Review: ‘Dead Men Tell No Tales’ sinks Depp, ‘Pirates’

Adam Graham
The Detroit News

“Dead Men Tell No Tales.” Is it too much to ask for this franchise follow their lead?

Johnny Depp is back as Jack Sparrow in a meandering tale about a quest to find the trident of Poseidon in “Pirates of the Caribbean: Dead men Tell No Tales.”

The fifth “Pirates of the Caribbean” movie — the first in six years, not that you were counting — suffers from the same excess and bloat that long ago sank this insufferable series.

The best thing that can be said for this installment is it’s only a little over two hours; it’s the shortest entry of the series, which hit maximum “HUH?” with the two hour and 48 minute running time of 2007’s “Pirates of the Caribbean: At World’s End.”

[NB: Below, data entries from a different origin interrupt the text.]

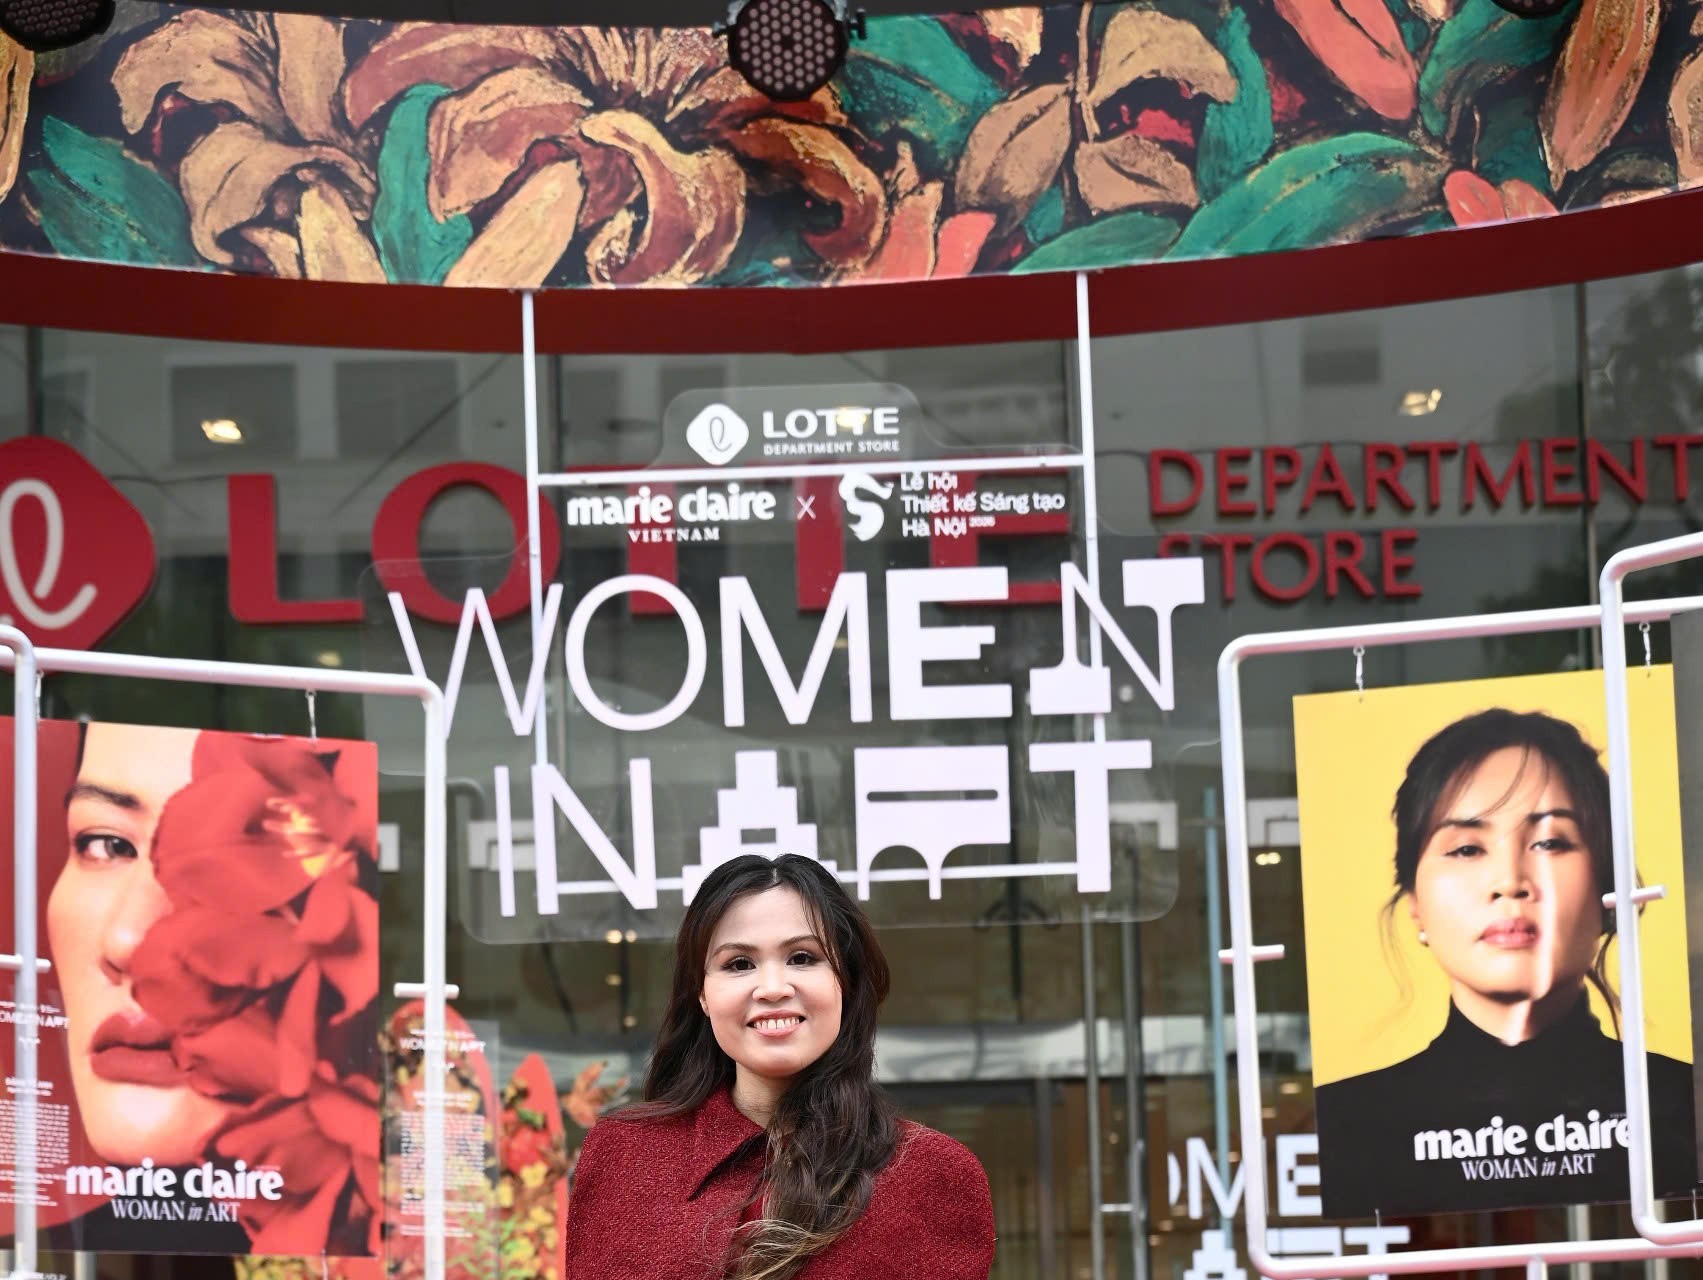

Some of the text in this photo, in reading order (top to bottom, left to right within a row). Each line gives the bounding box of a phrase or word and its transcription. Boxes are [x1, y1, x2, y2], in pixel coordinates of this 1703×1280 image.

[762, 406, 900, 439] LOTTE
[763, 440, 900, 456] DEPARTMENT STORE
[1149, 437, 1703, 517] DEPARTMENT
[567, 486, 674, 526] marie
[679, 482, 777, 521] claire
[980, 492, 1030, 515] Sáng
[1033, 493, 1066, 513] tạo
[628, 527, 720, 543] VIETNAM
[902, 518, 931, 537] Hà
[388, 557, 1205, 739] WOMEN
[494, 758, 658, 917] IN
[1414, 1109, 1631, 1161] marie claire
[66, 1157, 285, 1201] marie claire
[1461, 1153, 1596, 1181] WOMAN in ART
[112, 1198, 241, 1223] WOMAN in ART
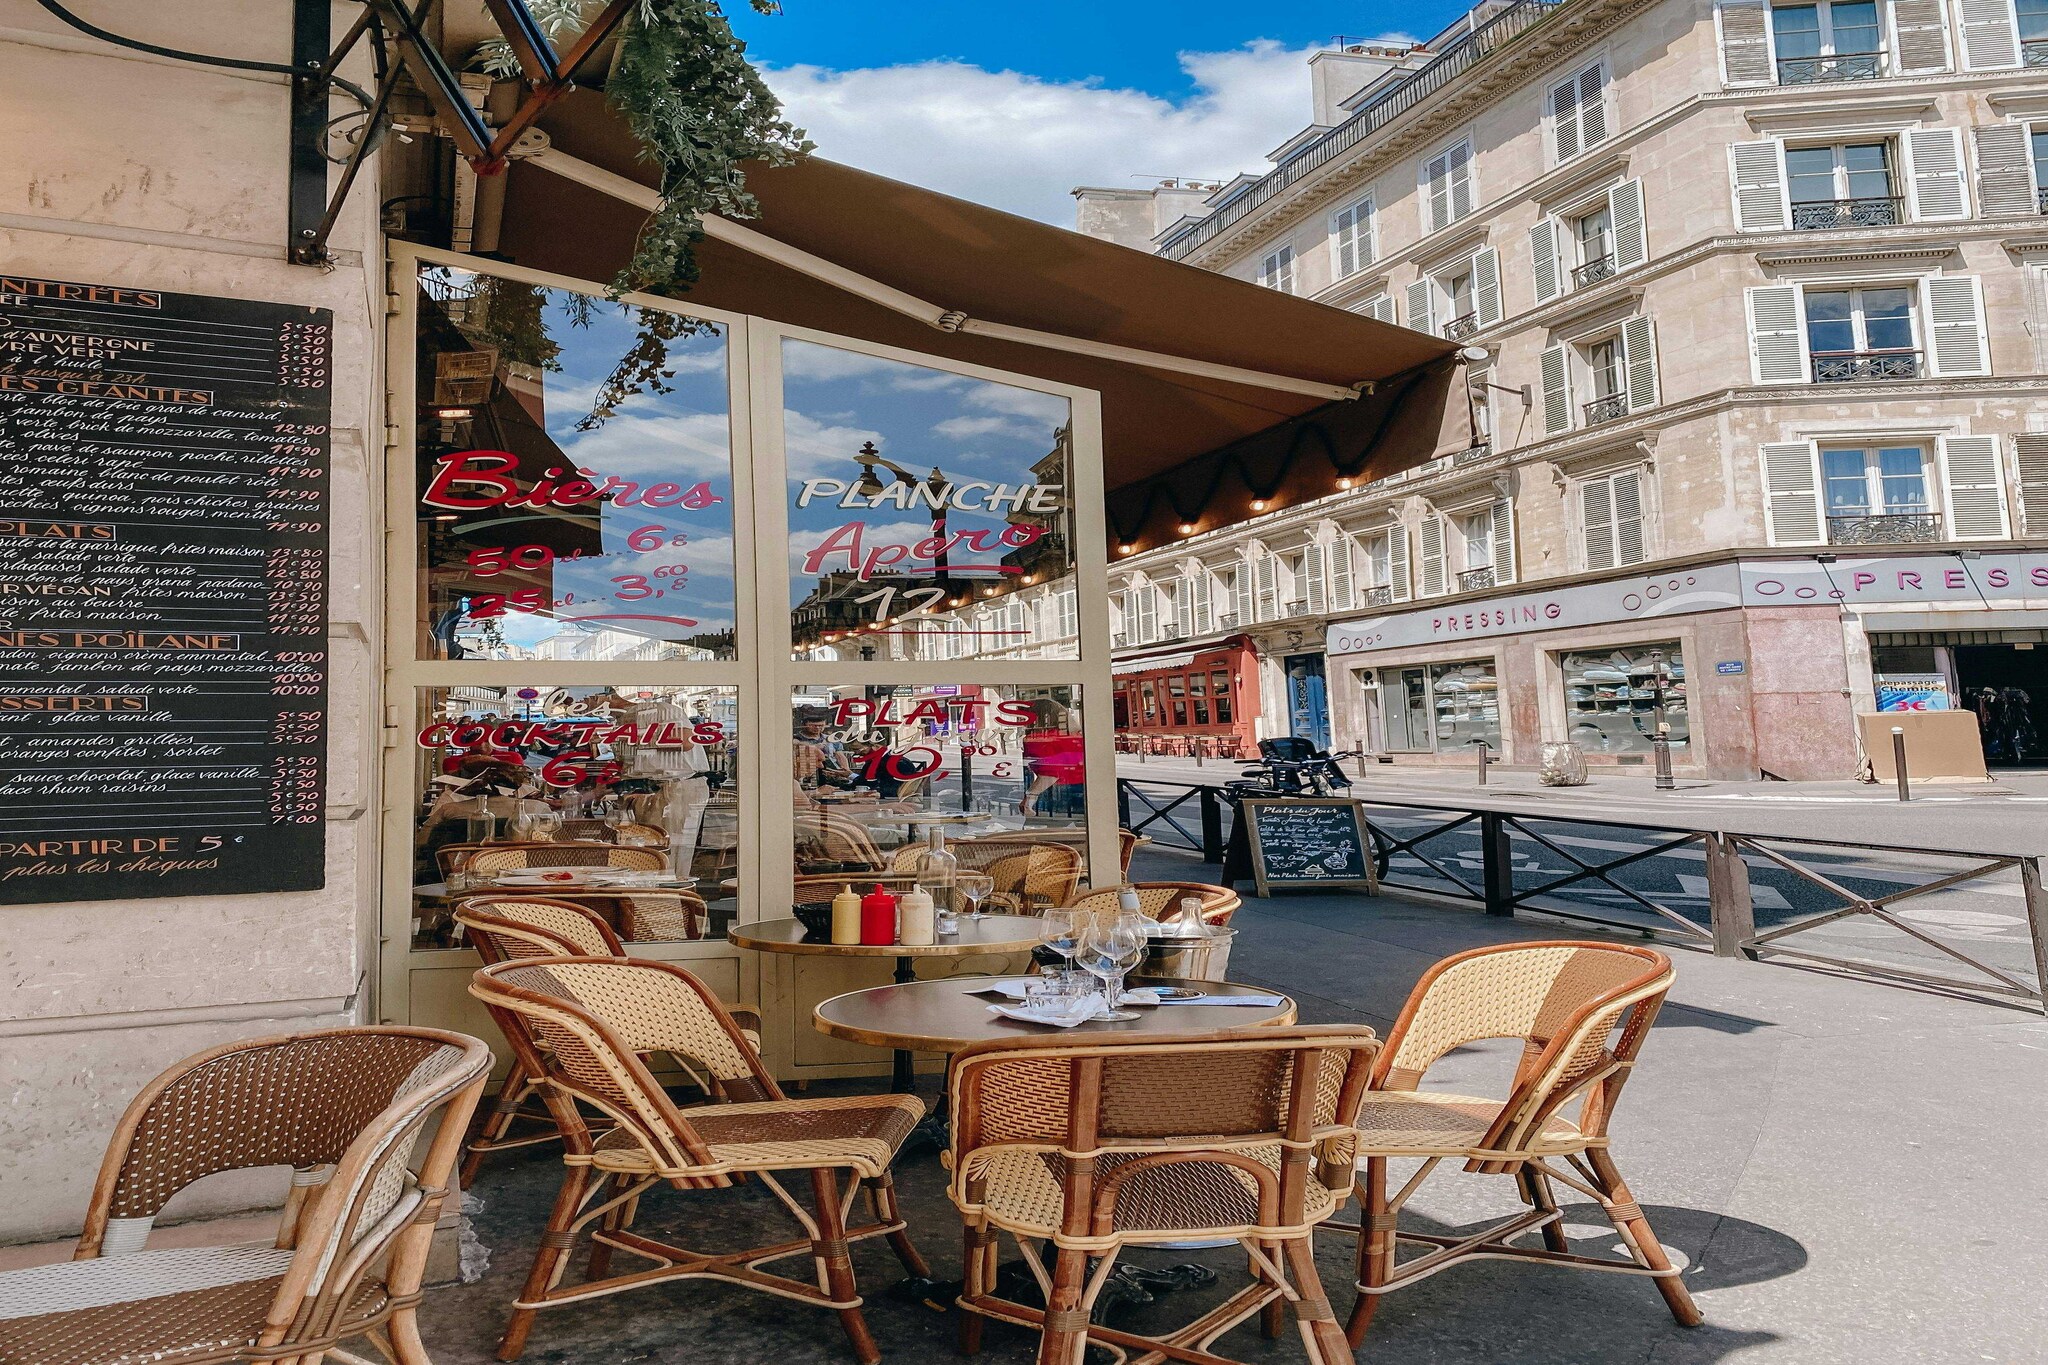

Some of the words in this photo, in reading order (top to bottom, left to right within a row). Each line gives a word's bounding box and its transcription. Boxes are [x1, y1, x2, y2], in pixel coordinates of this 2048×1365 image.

Johnny Depp’s sloshed swashbuckler Capt. Jack Sparrow is back and as bumbling as ever. The visuals here are crisp and the production design is lavish, but spending two-plus hours at sea with this adventure is about as appetizing as spending two hours at sea treading water without a life preserver. Eventually, something’s gotta give.

It’s difficult to remember, but back in 2003, the first “Pirates of the Caribbean” movie was a delight, if not something of an anomaly. It was Johnny Depp’s first real blockbuster — only one of his films, 1999’s “Sleepy Hollow,” had ever crossed the $100 million mark before, and that one just inched over the finish line — and Depp brought his off-center, indie sensibility to the role of Capt. Jack Sparrow, a washed-up pirate whom he played as a mixture of Keith Richards and the town drunk.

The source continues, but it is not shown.